**Work item:** Your answer must be the full listing below, repeated exactly, with no pictures in it.

Start of Block

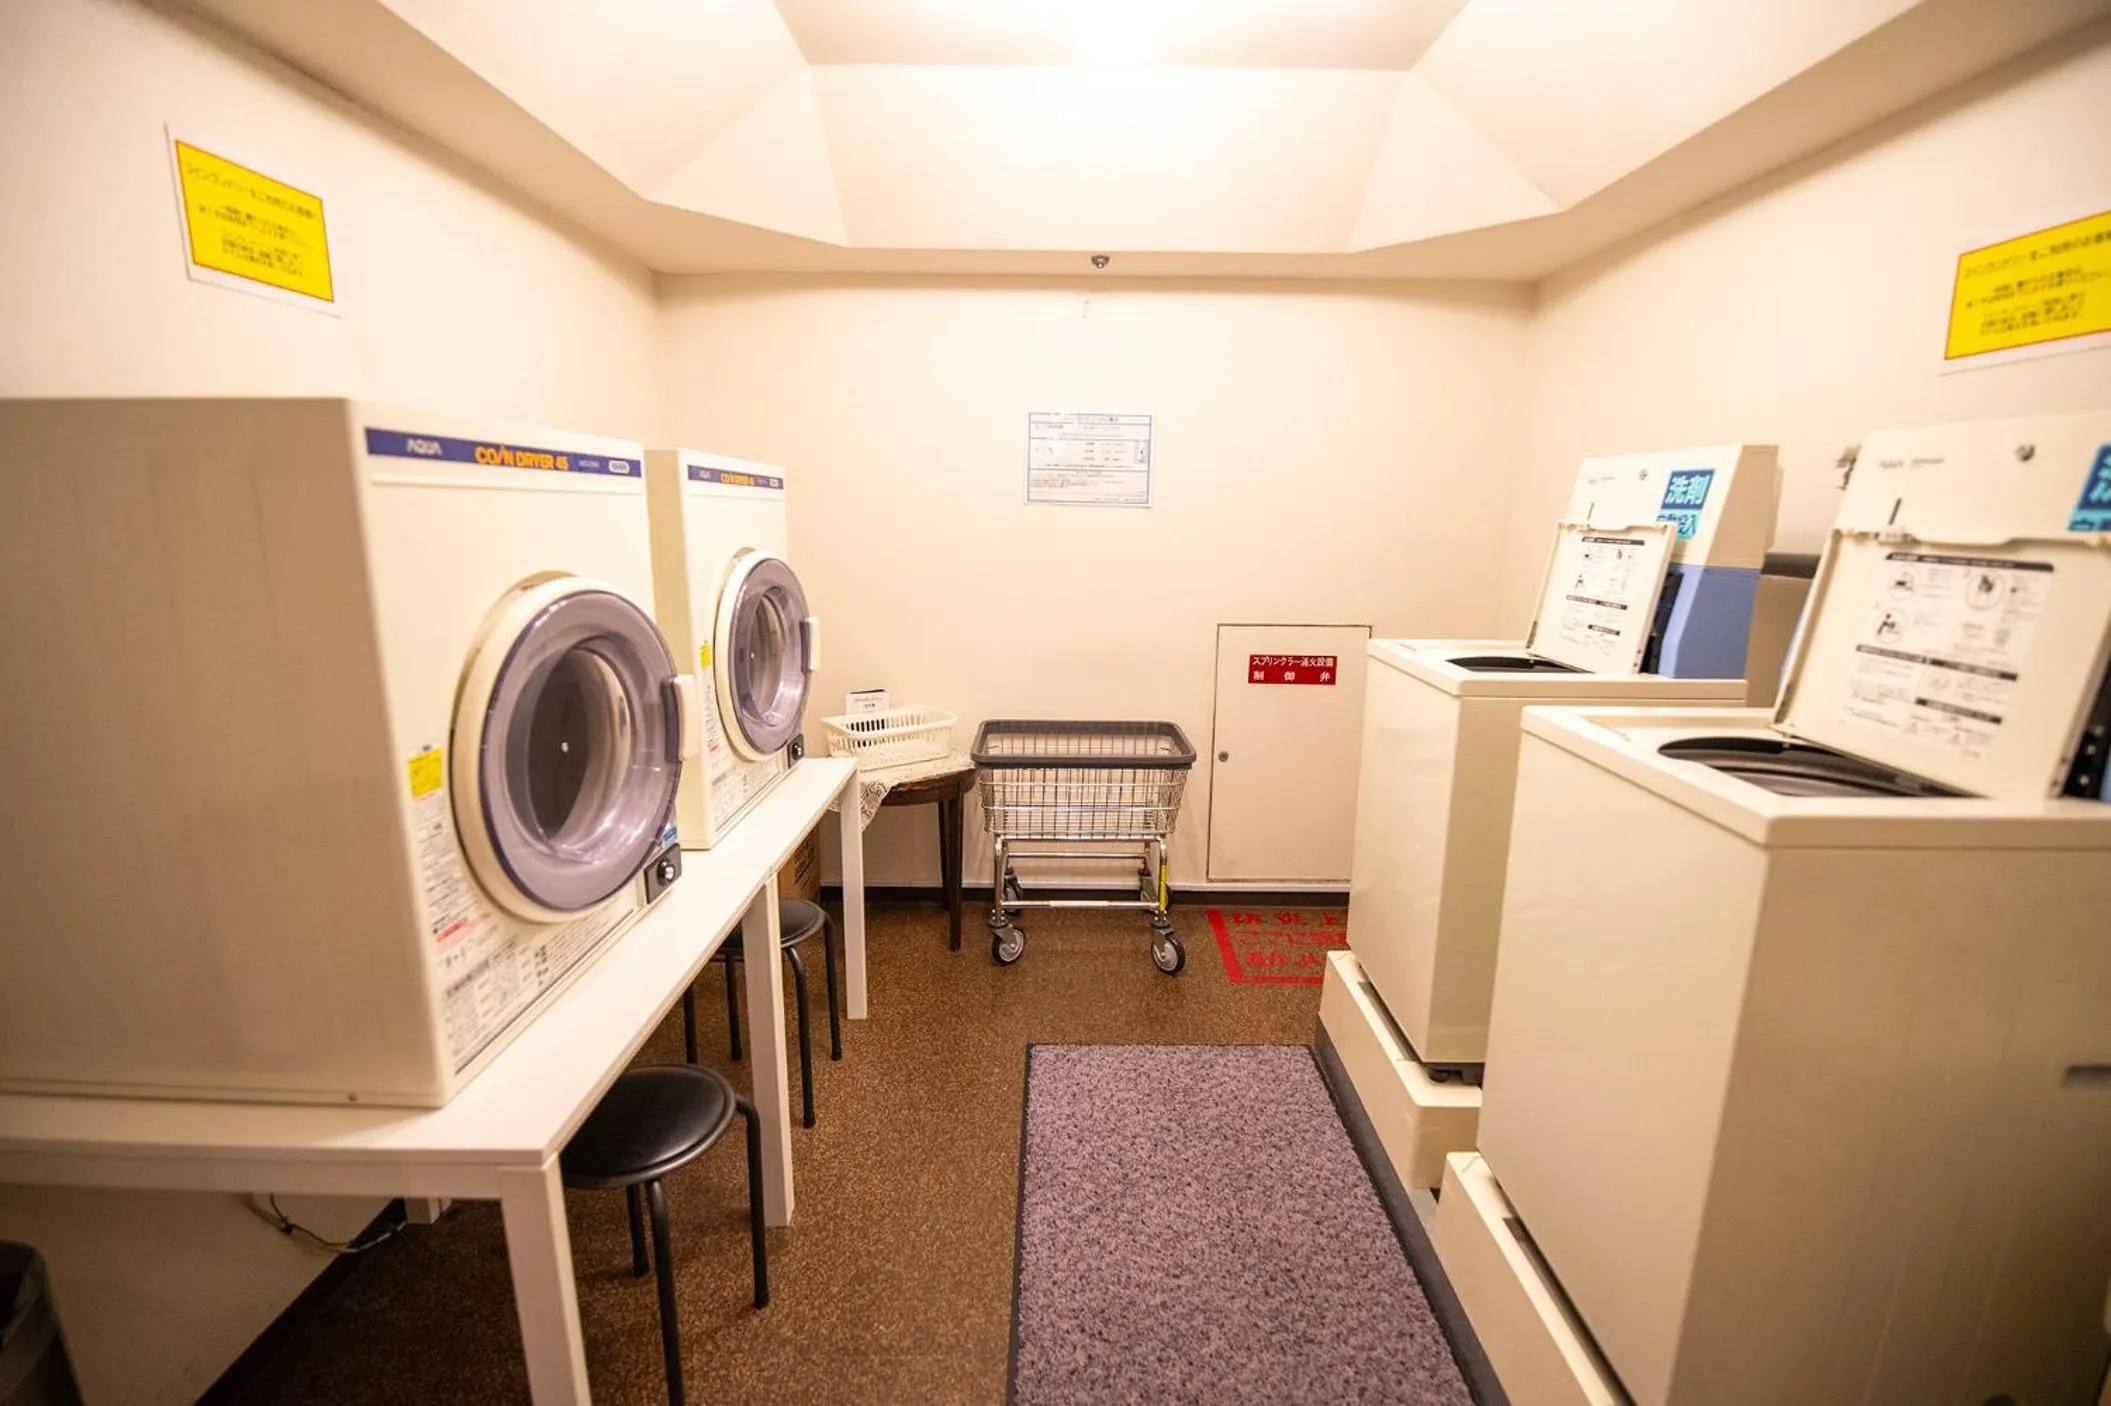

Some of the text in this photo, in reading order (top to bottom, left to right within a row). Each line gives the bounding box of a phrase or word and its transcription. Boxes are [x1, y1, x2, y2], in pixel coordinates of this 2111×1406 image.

[405, 438, 443, 456] AQUA
[516, 451, 555, 469] DRYER
[1665, 475, 1711, 505] 洗剤
[1252, 656, 1335, 668] スプリンクラー消火設備

End of Block

**Reply to the task:**
Some of the text in this photo, in reading order (top to bottom, left to right within a row). Each line gives the bounding box of a phrase or word and its transcription. Boxes are [x1, y1, x2, y2], in pixel coordinates of this 2111×1406 image.

[405, 438, 443, 456] AQUA
[516, 451, 555, 469] DRYER
[1665, 475, 1711, 505] 洗剤
[1252, 656, 1335, 668] スプリンクラー消火設備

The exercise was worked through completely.